Abstract
 Introduction: Lung cancer is the leading cause of oncological death worldwide. One out of five people have passed away because of this cancer. Currently, there is no diagnostic tool that can accurately detect early lesions of lung cancer. As a result, patients are diagnosed only when the lung cancer has reached the advanced stage where 5-year-survival-rate is no higher than 5%. At this point, tumors are no longer surgically resectable and sensitive to treatments.
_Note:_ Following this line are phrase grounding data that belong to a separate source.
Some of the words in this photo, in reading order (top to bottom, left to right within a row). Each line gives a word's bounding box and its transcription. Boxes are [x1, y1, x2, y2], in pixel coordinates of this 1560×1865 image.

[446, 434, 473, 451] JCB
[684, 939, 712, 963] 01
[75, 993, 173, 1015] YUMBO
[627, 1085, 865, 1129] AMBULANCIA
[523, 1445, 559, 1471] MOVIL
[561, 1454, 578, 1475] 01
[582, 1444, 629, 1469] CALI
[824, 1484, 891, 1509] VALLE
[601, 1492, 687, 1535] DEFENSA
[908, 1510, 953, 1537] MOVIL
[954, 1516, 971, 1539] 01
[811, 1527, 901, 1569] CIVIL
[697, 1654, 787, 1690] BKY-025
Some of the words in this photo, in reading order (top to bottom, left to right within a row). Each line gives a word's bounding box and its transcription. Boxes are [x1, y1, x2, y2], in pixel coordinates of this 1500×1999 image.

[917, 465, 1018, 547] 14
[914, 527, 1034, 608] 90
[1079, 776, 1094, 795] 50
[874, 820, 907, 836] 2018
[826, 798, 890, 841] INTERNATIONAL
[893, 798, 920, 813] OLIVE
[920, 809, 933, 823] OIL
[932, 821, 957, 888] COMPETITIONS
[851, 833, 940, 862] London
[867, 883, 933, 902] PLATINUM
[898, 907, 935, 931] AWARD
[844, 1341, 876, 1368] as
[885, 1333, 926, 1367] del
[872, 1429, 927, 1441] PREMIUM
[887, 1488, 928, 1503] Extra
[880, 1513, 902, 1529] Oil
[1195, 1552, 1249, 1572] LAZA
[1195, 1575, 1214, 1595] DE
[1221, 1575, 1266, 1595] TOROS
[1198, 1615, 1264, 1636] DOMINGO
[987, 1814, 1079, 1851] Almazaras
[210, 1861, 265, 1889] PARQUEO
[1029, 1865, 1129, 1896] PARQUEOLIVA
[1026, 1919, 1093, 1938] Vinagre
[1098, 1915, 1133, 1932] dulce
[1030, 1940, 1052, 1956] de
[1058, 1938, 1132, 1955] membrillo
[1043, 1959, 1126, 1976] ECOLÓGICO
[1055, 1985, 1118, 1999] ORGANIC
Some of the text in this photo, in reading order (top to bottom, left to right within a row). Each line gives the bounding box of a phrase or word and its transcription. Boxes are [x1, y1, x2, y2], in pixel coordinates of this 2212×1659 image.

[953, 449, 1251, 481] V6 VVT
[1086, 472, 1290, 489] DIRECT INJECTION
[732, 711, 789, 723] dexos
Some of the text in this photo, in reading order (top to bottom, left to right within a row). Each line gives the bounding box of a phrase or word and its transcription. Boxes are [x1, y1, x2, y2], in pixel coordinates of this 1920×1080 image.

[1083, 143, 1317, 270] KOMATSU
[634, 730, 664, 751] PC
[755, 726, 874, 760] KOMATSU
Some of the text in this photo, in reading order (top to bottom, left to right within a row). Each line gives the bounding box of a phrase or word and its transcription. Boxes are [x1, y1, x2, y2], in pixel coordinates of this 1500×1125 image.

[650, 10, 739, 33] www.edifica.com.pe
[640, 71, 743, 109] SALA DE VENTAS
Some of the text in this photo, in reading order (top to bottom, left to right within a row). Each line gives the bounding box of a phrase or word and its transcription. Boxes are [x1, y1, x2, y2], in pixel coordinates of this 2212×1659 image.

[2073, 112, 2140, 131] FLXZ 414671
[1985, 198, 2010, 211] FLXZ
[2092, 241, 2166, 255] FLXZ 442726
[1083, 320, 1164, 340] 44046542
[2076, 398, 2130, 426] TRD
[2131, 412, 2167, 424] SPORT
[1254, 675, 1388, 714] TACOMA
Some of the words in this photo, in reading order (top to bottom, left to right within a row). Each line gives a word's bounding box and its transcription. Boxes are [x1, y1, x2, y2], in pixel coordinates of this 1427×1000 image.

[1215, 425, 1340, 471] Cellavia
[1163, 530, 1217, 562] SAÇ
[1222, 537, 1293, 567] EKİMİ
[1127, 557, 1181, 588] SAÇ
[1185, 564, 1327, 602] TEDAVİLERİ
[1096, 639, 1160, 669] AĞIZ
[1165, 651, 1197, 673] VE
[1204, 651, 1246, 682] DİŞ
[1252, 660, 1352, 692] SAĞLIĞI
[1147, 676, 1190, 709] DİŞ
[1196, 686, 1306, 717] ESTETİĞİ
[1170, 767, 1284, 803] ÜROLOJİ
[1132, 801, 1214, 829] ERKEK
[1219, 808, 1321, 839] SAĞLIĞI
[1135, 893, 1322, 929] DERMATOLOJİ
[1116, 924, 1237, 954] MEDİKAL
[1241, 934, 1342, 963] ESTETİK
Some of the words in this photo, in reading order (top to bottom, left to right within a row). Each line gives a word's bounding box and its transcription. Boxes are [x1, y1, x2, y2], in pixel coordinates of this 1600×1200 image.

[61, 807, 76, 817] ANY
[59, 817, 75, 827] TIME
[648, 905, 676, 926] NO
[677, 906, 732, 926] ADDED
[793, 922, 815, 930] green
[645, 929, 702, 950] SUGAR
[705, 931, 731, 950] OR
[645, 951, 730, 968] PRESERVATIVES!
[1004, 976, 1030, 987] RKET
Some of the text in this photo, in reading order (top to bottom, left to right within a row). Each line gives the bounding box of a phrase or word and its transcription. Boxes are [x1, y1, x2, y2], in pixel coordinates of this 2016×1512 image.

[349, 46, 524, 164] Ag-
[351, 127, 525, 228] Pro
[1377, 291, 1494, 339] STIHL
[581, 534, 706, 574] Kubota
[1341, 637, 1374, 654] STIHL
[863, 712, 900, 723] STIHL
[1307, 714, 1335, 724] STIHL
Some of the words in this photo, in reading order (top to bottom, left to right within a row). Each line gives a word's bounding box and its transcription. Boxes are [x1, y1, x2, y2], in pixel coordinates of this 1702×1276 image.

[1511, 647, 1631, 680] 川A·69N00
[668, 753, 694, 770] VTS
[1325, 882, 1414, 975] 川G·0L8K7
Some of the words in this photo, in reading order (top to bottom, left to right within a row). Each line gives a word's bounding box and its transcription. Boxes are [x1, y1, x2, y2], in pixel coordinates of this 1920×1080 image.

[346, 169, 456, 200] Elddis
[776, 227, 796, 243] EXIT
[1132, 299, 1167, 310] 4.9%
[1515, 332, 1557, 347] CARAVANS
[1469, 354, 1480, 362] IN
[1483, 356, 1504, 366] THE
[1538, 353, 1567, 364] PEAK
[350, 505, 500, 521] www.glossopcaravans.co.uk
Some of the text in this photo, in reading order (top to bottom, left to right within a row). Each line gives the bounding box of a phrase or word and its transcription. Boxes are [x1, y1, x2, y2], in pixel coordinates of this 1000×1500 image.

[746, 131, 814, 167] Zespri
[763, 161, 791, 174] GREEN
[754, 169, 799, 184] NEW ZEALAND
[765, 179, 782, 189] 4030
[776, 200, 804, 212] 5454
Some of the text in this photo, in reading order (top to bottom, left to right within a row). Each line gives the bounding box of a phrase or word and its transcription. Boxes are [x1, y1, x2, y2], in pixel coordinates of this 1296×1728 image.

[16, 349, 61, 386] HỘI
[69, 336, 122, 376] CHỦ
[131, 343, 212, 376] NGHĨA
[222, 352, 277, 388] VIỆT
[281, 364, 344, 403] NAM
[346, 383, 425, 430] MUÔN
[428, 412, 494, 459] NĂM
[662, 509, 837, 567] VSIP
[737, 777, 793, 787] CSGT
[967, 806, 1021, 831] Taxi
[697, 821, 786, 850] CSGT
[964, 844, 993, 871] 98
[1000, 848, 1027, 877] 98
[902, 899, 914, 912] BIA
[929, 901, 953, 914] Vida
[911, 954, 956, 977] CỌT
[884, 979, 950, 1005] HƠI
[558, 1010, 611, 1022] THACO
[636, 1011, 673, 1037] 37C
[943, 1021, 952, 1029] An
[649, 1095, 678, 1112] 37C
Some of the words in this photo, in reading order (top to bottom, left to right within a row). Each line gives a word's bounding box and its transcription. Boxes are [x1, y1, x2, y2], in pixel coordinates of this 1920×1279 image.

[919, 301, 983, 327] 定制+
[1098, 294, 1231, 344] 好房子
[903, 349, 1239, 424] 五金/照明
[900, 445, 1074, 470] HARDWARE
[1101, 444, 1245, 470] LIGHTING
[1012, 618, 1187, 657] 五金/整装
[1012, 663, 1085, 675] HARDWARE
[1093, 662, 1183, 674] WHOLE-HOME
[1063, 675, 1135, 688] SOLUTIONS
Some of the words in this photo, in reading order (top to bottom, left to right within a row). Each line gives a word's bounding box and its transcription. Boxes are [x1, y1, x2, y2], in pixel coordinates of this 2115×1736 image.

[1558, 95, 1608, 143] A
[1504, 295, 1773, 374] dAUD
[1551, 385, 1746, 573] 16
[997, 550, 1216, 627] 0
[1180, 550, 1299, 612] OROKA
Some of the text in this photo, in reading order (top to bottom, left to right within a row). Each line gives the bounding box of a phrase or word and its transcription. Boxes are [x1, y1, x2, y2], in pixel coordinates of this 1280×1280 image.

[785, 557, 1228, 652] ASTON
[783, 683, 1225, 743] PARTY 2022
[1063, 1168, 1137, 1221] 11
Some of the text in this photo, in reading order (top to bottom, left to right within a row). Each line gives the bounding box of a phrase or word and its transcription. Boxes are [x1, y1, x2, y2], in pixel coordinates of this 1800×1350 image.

Recently, a gene called N-myc downstream-regulated 2 (NDRG2) is found to be aberrantly expressed in human lung cancer, thus marked its potential use as diagnostic and prognostic biomarker.
 Method: A systematic literature study was conducted with the database from Pubmed, ScienceDirect, and Proquest for articles published within 2009-2019.
 Discussion: This literature review yields result that 56,7-64,5% of patients diagnosed with lung cancer have reduced to absent NDRG2 expression in the tissue. NDRG2 expression is correlated with TNM Stage, tumor & vascular invasion, tumor differentiation status, and tumor size. Moreover, low expression of NDRG2 is an indicator of poor prognostic associated with 2 times lower overall survival rate for patients with lung cancer. 
 Conclusion: NDRG2 has shown promise to be a novel diagnostic and prognostic biomarker for lung cancer.